*** Opening of INFORMATION GIVEN ***
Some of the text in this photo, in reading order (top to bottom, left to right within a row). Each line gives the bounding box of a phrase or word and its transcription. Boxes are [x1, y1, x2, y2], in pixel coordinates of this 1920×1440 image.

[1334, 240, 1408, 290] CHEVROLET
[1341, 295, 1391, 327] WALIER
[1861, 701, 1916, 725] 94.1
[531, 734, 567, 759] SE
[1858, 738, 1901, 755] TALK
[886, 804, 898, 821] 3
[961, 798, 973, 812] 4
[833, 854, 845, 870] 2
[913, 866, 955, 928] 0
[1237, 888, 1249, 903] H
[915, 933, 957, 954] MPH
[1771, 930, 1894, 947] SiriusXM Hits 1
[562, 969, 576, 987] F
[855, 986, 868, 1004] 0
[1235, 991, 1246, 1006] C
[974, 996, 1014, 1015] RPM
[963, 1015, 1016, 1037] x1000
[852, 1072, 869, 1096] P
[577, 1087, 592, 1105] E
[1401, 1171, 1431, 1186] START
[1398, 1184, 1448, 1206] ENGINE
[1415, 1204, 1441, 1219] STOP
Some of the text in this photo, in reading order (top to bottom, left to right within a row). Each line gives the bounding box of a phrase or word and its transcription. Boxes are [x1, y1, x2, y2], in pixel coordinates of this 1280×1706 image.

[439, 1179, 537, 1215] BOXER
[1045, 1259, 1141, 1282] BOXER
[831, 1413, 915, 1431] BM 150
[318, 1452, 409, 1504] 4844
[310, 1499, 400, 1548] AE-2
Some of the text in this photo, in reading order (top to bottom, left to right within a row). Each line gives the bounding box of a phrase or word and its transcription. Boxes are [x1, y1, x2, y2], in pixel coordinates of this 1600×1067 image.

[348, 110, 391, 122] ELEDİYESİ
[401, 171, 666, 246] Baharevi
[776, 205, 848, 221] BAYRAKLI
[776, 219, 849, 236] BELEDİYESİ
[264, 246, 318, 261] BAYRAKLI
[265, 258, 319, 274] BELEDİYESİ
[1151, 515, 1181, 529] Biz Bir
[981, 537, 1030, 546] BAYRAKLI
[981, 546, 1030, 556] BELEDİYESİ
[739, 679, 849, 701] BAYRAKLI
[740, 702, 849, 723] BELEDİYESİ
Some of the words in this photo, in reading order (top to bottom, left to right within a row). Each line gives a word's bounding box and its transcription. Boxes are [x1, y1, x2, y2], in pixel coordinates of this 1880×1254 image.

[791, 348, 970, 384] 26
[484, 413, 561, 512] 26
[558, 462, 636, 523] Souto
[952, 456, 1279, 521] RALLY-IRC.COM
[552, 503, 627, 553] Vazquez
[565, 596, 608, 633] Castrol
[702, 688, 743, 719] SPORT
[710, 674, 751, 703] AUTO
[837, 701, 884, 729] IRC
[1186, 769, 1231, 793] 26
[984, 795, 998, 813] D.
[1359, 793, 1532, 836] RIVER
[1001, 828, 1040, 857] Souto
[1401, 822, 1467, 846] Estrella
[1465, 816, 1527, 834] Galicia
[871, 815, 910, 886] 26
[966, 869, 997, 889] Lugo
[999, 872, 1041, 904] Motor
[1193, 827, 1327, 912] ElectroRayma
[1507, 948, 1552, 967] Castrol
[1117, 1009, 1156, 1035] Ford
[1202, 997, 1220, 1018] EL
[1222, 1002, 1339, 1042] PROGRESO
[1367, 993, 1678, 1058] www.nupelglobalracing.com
*** Close of INFORMATION GIVEN ***
*HOW TO COMPLETE THIS TASK*
Only an exact copy of the entries above will do.

*EXERCISE RESULT*
Some of the text in this photo, in reading order (top to bottom, left to right within a row). Each line gives the bounding box of a phrase or word and its transcription. Boxes are [x1, y1, x2, y2], in pixel coordinates of this 1920×1440 image.

[1334, 240, 1408, 290] CHEVROLET
[1341, 295, 1391, 327] WALIER
[1861, 701, 1916, 725] 94.1
[531, 734, 567, 759] SE
[1858, 738, 1901, 755] TALK
[886, 804, 898, 821] 3
[961, 798, 973, 812] 4
[833, 854, 845, 870] 2
[913, 866, 955, 928] 0
[1237, 888, 1249, 903] H
[915, 933, 957, 954] MPH
[1771, 930, 1894, 947] SiriusXM Hits 1
[562, 969, 576, 987] F
[855, 986, 868, 1004] 0
[1235, 991, 1246, 1006] C
[974, 996, 1014, 1015] RPM
[963, 1015, 1016, 1037] x1000
[852, 1072, 869, 1096] P
[577, 1087, 592, 1105] E
[1401, 1171, 1431, 1186] START
[1398, 1184, 1448, 1206] ENGINE
[1415, 1204, 1441, 1219] STOP
Some of the text in this photo, in reading order (top to bottom, left to right within a row). Each line gives the bounding box of a phrase or word and its transcription. Boxes are [x1, y1, x2, y2], in pixel coordinates of this 1280×1706 image.

[439, 1179, 537, 1215] BOXER
[1045, 1259, 1141, 1282] BOXER
[831, 1413, 915, 1431] BM 150
[318, 1452, 409, 1504] 4844
[310, 1499, 400, 1548] AE-2
Some of the text in this photo, in reading order (top to bottom, left to right within a row). Each line gives the bounding box of a phrase or word and its transcription. Boxes are [x1, y1, x2, y2], in pixel coordinates of this 1600×1067 image.

[348, 110, 391, 122] ELEDİYESİ
[401, 171, 666, 246] Baharevi
[776, 205, 848, 221] BAYRAKLI
[776, 219, 849, 236] BELEDİYESİ
[264, 246, 318, 261] BAYRAKLI
[265, 258, 319, 274] BELEDİYESİ
[1151, 515, 1181, 529] Biz Bir
[981, 537, 1030, 546] BAYRAKLI
[981, 546, 1030, 556] BELEDİYESİ
[739, 679, 849, 701] BAYRAKLI
[740, 702, 849, 723] BELEDİYESİ
Some of the words in this photo, in reading order (top to bottom, left to right within a row). Each line gives a word's bounding box and its transcription. Boxes are [x1, y1, x2, y2], in pixel coordinates of this 1880×1254 image.

[791, 348, 970, 384] 26
[484, 413, 561, 512] 26
[558, 462, 636, 523] Souto
[952, 456, 1279, 521] RALLY-IRC.COM
[552, 503, 627, 553] Vazquez
[565, 596, 608, 633] Castrol
[702, 688, 743, 719] SPORT
[710, 674, 751, 703] AUTO
[837, 701, 884, 729] IRC
[1186, 769, 1231, 793] 26
[984, 795, 998, 813] D.
[1359, 793, 1532, 836] RIVER
[1001, 828, 1040, 857] Souto
[1401, 822, 1467, 846] Estrella
[1465, 816, 1527, 834] Galicia
[871, 815, 910, 886] 26
[966, 869, 997, 889] Lugo
[999, 872, 1041, 904] Motor
[1193, 827, 1327, 912] ElectroRayma
[1507, 948, 1552, 967] Castrol
[1117, 1009, 1156, 1035] Ford
[1202, 997, 1220, 1018] EL
[1222, 1002, 1339, 1042] PROGRESO
[1367, 993, 1678, 1058] www.nupelglobalracing.com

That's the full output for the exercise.